Task directions
Drop the pictures and restate the rest of the listing word for word.

Record set
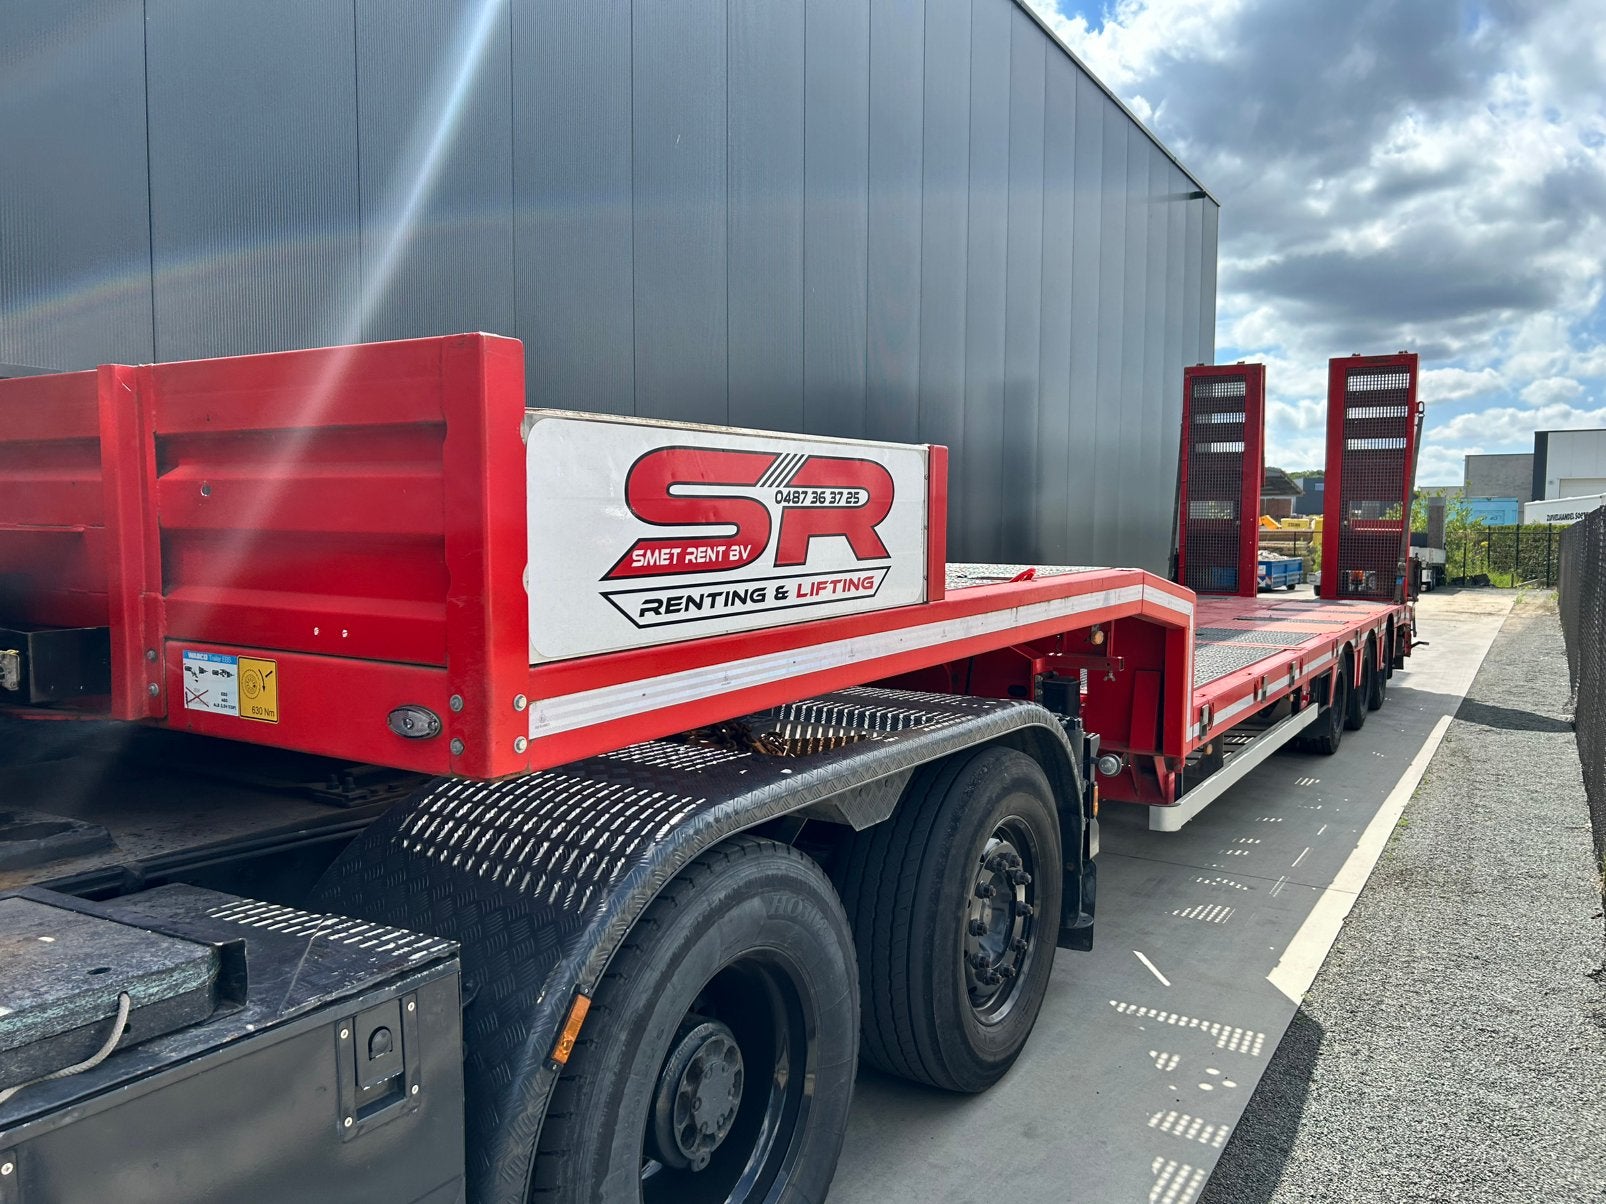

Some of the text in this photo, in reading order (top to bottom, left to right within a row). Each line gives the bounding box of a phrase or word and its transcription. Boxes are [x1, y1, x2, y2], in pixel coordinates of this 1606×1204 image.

[774, 488, 860, 506] 0487 36 37 25
[631, 544, 752, 567] SMET RENT BV
[638, 575, 876, 618] RENTING & LIFTING
[251, 705, 275, 717] 630 Nm
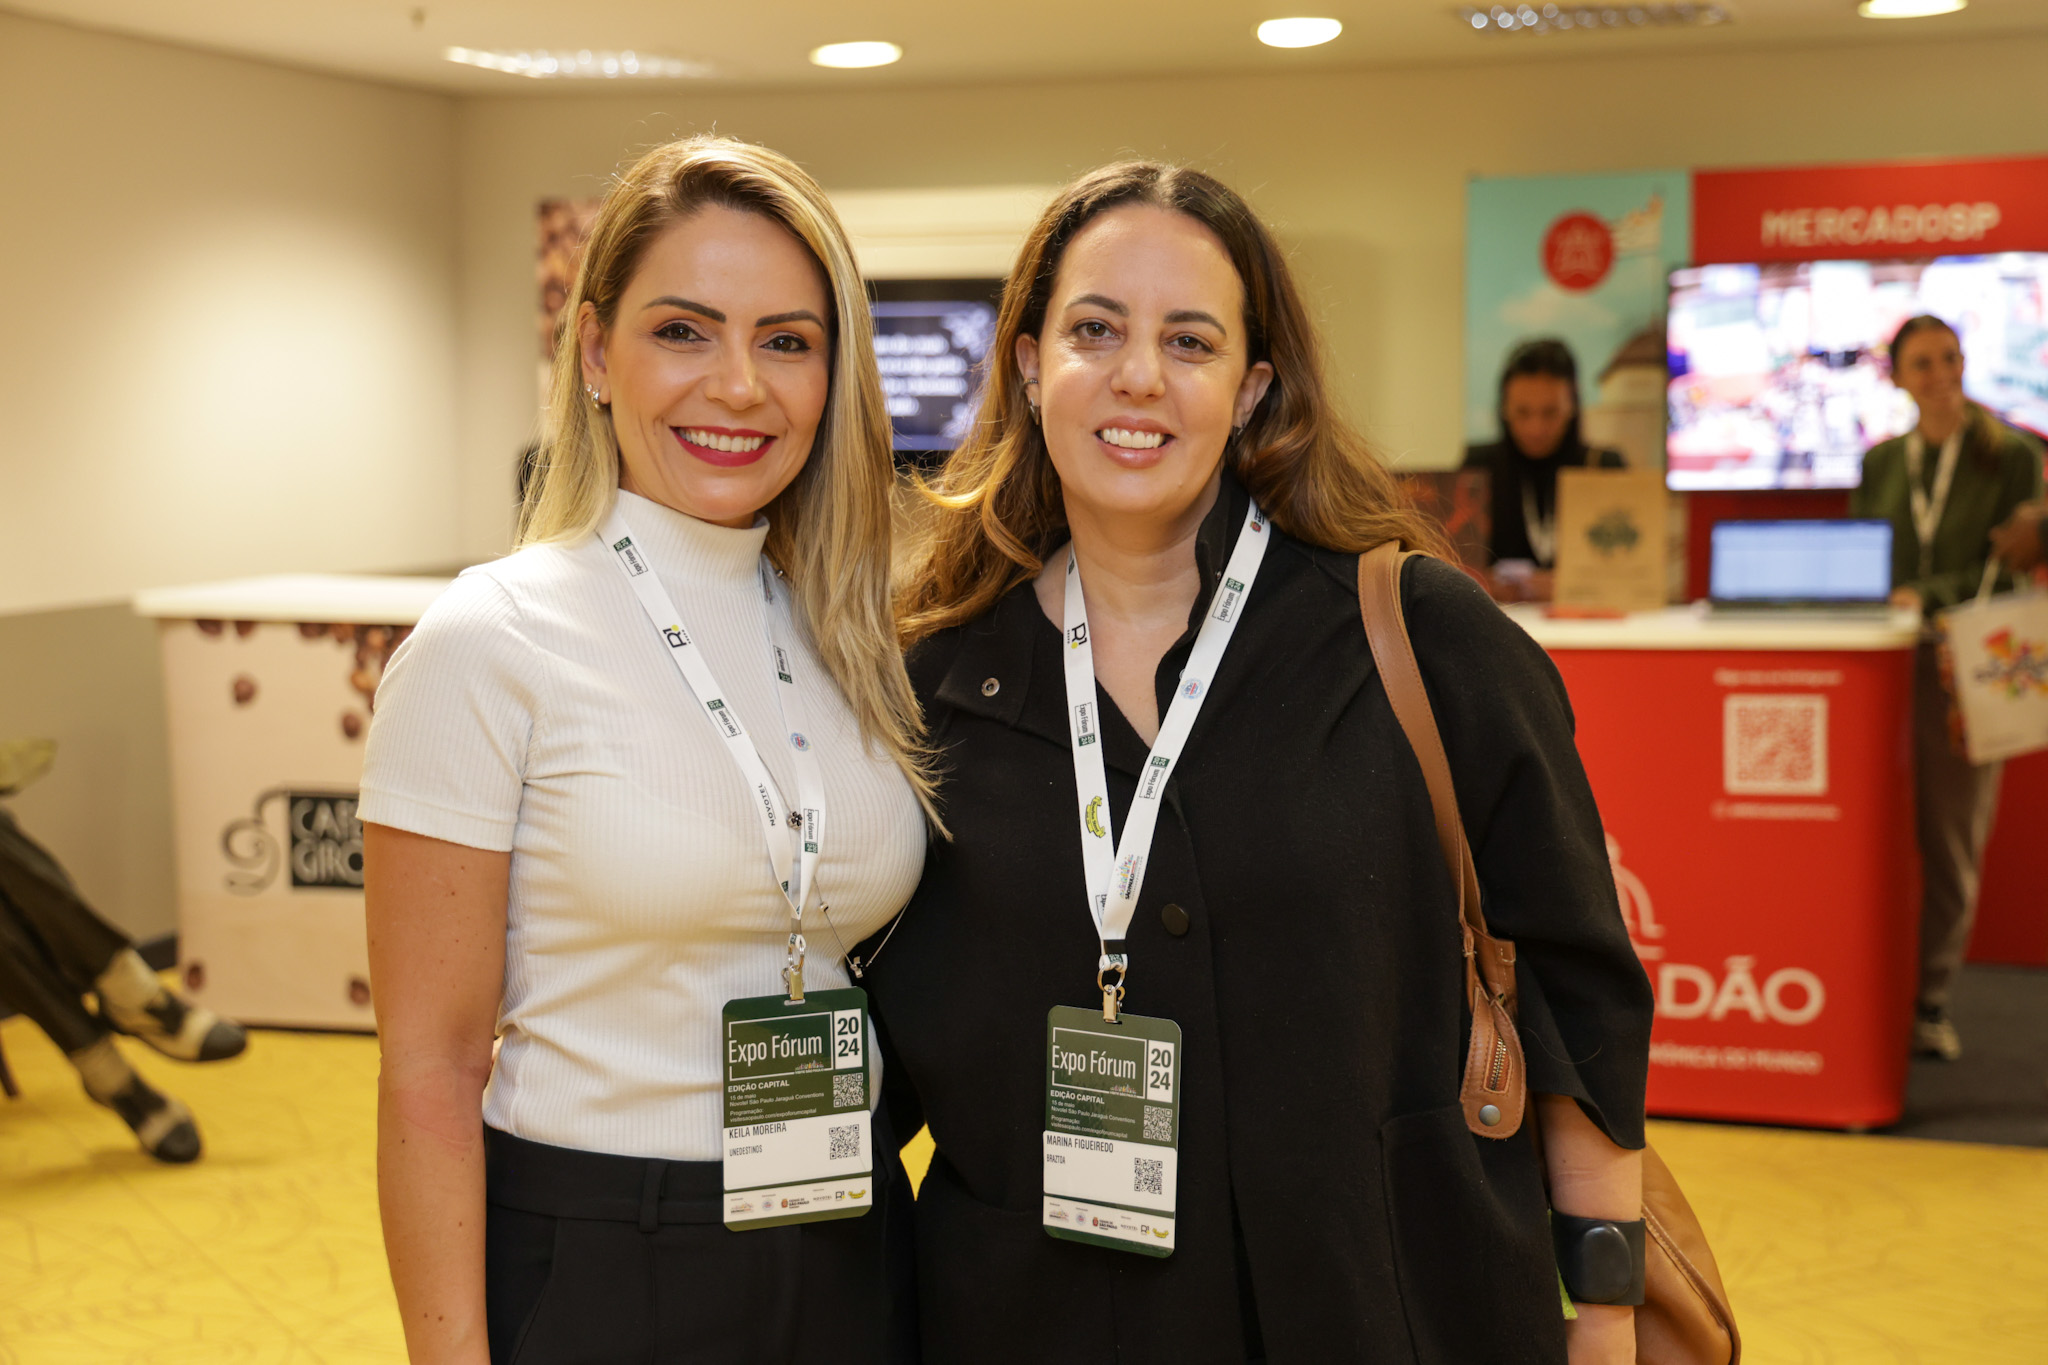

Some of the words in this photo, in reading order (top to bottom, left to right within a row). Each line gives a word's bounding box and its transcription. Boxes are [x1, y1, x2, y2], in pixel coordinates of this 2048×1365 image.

[1217, 607, 1228, 621] Expo
[1144, 786, 1153, 798] Expo
[758, 783, 775, 826] NOVOTEL
[837, 1017, 859, 1036] 20
[729, 1040, 767, 1067] Expo
[772, 1033, 822, 1059] Fórum
[838, 1038, 860, 1058] 24
[1052, 1045, 1086, 1076] Expo
[1090, 1050, 1136, 1079] Fórum
[1150, 1048, 1172, 1068] 20
[728, 1083, 757, 1092] EDIÇÃO
[758, 1080, 790, 1089] CAPITAL
[1150, 1071, 1171, 1090] 24
[795, 1092, 824, 1100] Conventions
[1050, 1090, 1076, 1100] EDIÇÃO
[1077, 1094, 1105, 1104] CAPITAL
[1109, 1114, 1135, 1123] Conventions
[729, 1127, 750, 1139] KEILA
[753, 1122, 787, 1136] MOREIRA
[1047, 1135, 1072, 1148] MARINA
[1075, 1138, 1114, 1153] FIGUEIREDO
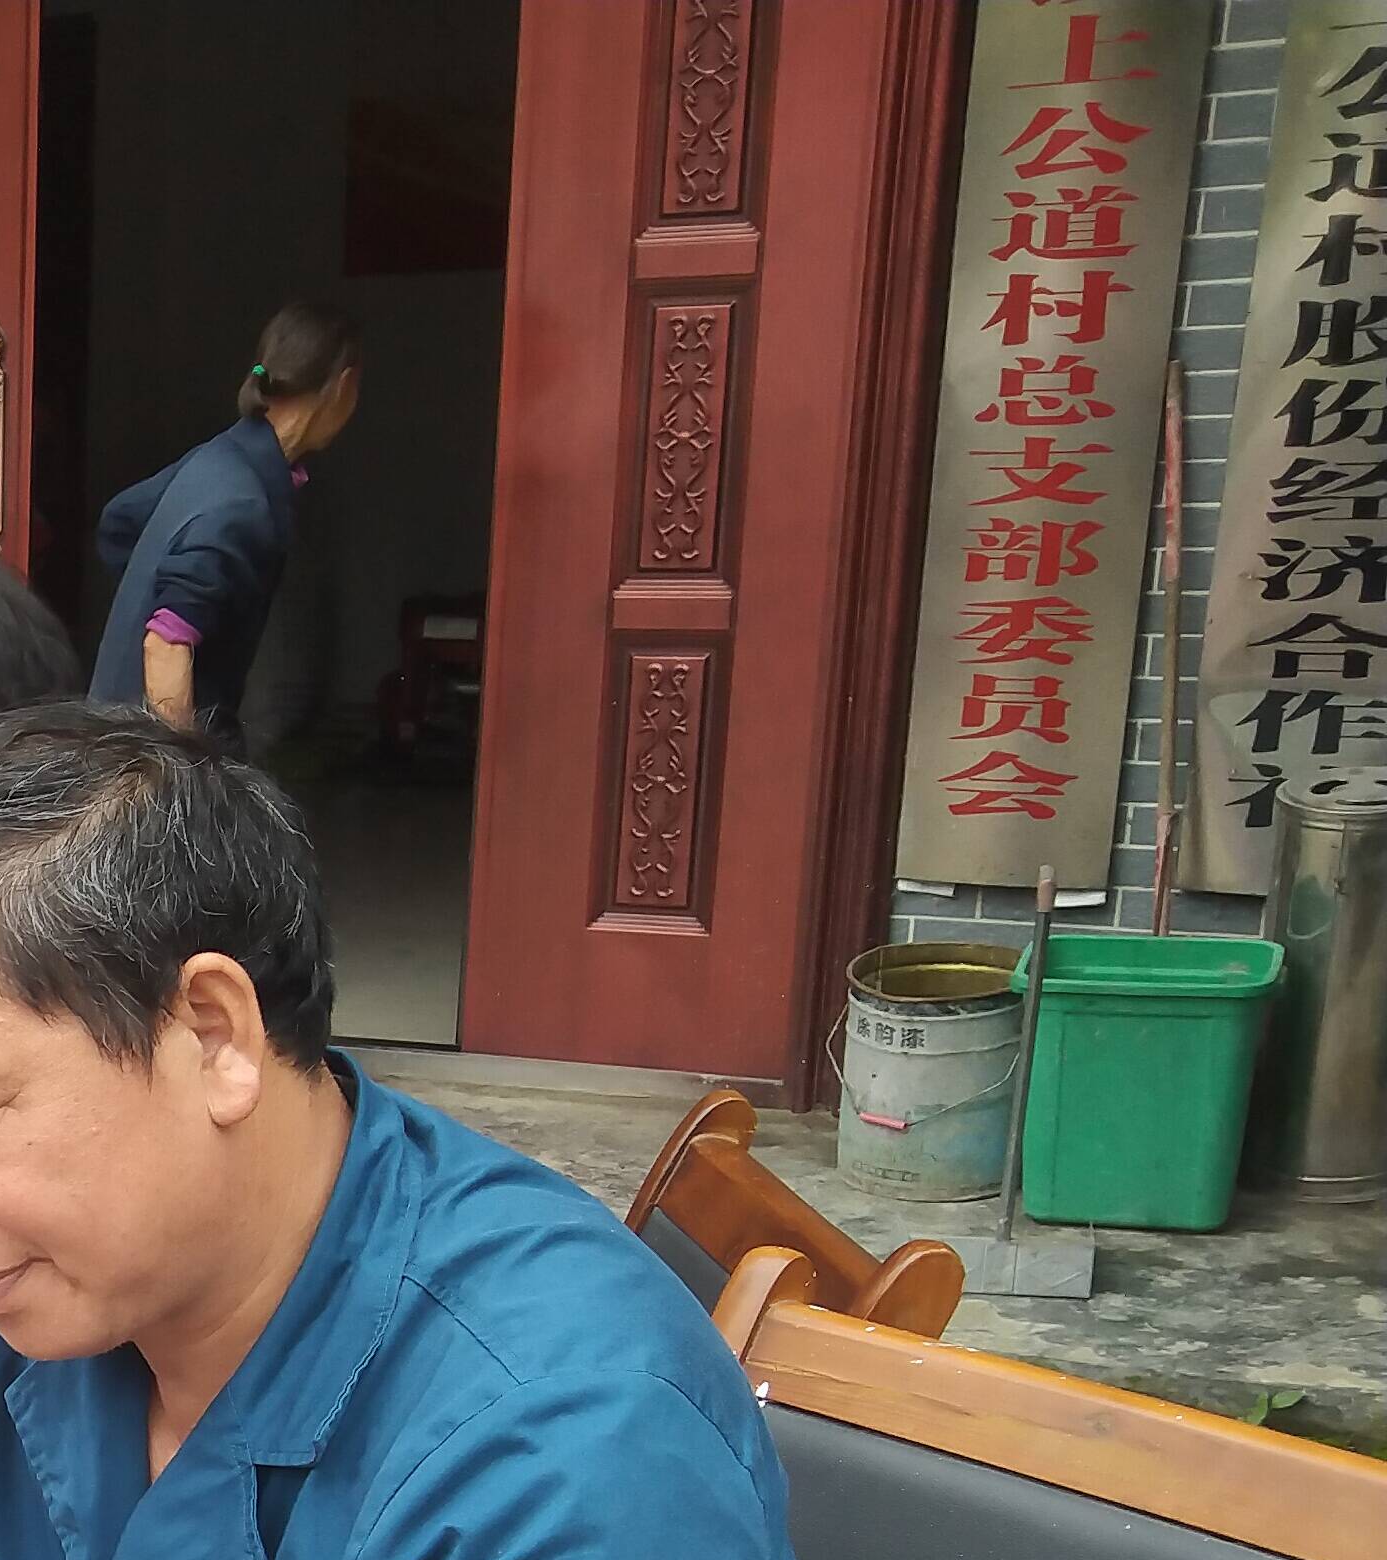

Reply to the exercise
Some of the text in this photo, in reading order (top to bottom, left to right within a row). Each line gives the bounding box of a phrase or word and its transcription. Boxes are [x1, y1, x2, y2], in pixel coordinates of this 1606×1204 image.

[774, 488, 860, 506] 0487 36 37 25
[631, 544, 752, 567] SMET RENT BV
[638, 575, 876, 618] RENTING & LIFTING
[251, 705, 275, 717] 630 Nm

Some of the words in this photo, in reading order (top to bottom, left to right within a row). Each line gives a word's bounding box and its transcription. Boxes are [x1, y1, x2, y2], in pixel coordinates of this 2048×1365 image.

[1217, 607, 1228, 621] Expo
[1144, 786, 1153, 798] Expo
[758, 783, 775, 826] NOVOTEL
[837, 1017, 859, 1036] 20
[729, 1040, 767, 1067] Expo
[772, 1033, 822, 1059] Fórum
[838, 1038, 860, 1058] 24
[1052, 1045, 1086, 1076] Expo
[1090, 1050, 1136, 1079] Fórum
[1150, 1048, 1172, 1068] 20
[728, 1083, 757, 1092] EDIÇÃO
[758, 1080, 790, 1089] CAPITAL
[1150, 1071, 1171, 1090] 24
[795, 1092, 824, 1100] Conventions
[1050, 1090, 1076, 1100] EDIÇÃO
[1077, 1094, 1105, 1104] CAPITAL
[1109, 1114, 1135, 1123] Conventions
[729, 1127, 750, 1139] KEILA
[753, 1122, 787, 1136] MOREIRA
[1047, 1135, 1072, 1148] MARINA
[1075, 1138, 1114, 1153] FIGUEIREDO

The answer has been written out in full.